Ok there seems to be a lot of information on this thread which isn't great.
Firstly whilst monkeypox isn't new, its been largely confined to West Africa populations so far. They believe that the fatality rate has been between 3 and 6% but it has been higher with some variants. Obviously this is a population with different access to health care and underlying health to the UK.
There are two real concerns with this current outbreak. Firstly whilst its currently confined to mainly gay men, there is still a risk it will enter different populations. I don't think its a coincidence that the WHO alert level has been raised immediately after 2 child cases in the US and 1 in the Netherlands have been identified. In the Dutch case they don't know where its come from and they explicitly ruled out sexual abuse. The family had recently been on holiday to turkey. This was about 3 weeks ago which is longer than average incubation but not out of the window which is possible.
Who are concerned about new patterns of transmission because they don't fully understand it or why its suddenly jumped from west africa.
So far there have been 16000 cases in over 70 countries with 5 deaths recorded. The issue is that this isn't representative of the population as a whole due to the restricted population its currently circulating in.
It is much more severe in children under 8 and pregnant women. There is no natural immunity and countries don't have enough supplies of vaccine nor drugs to treat the disease. Hence the alert to sort this shit out.
The disease is very painful and can require specialist hospital treatment. It can cause severe permenant scaring. Spots are common on face and genitals.
So the real risk here is you get an outbreak in a reception class or nursery full of licky, huggy young kids. And thats becoming high.
Its not going to be a covid type thing but the idea that we won't see school closures is not realistic. Without sufficient vaccine and drugs for treatment there isn't much of an alternative to stop the spread apart from quarantine.
Its not really a surprise that there is an outbreak. A big pandemic is usually accompanied by other pandemics of different diseases, partly because changes in behaviour which have caused isolation reduce immunity to other things thus when that contact resumes other things run rife.

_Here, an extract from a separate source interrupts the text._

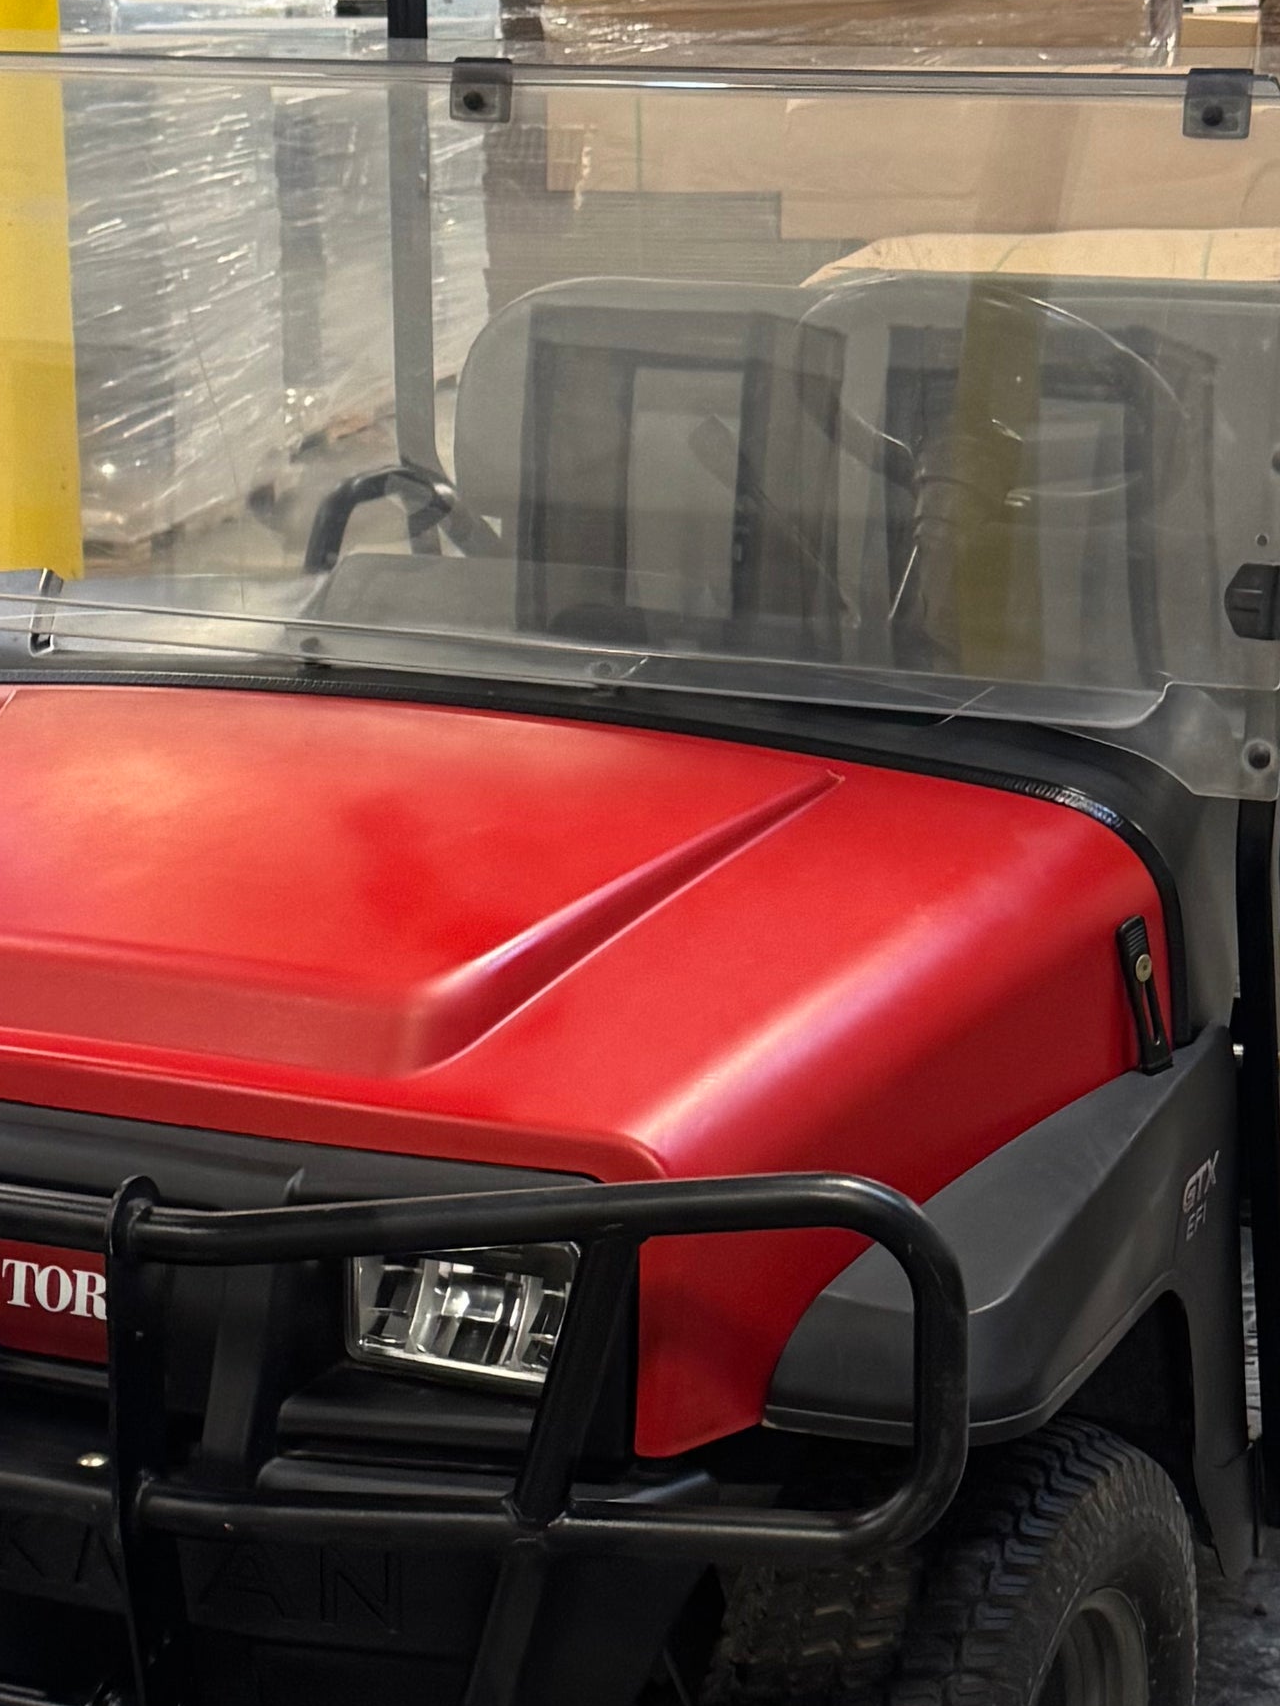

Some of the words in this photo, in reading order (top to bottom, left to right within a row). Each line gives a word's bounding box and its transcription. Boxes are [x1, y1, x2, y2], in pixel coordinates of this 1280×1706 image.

So should we panic yet? No
Should we be concerned and vigilant? Yes
Should WHO be putting out a warning? Definitely because countries haven't learnt from covid and are rapidly ramping up production of smallpox vaccine and monkeypox treatment drugs.
The biggest difference between this and monkeypox is that we don't have to develop new treatments and trial them. This means we only have production issues. (remember the scramble for vaccines when they did become available though).
The uk has the capability to do this better than many other countries. Its just whether we are taking this seriously and doing this. Especially with a prime minister who has potentially checked out mentally from the job.
Am I concerned? Yes. I have family members who would be extremely vulnerable and the disease itself is nastier than chicken pox. And no I don't much fancy class closures when my sons class is already the wildest in the school due to being so badly affected by covid closures and I know they are all massively behind where they should be. DS is doing well despite of everything but the effect on his classmates has massively impacted on him nontheless.
So don't panic. Be concerned. Put pressure on government. Is the point we are at.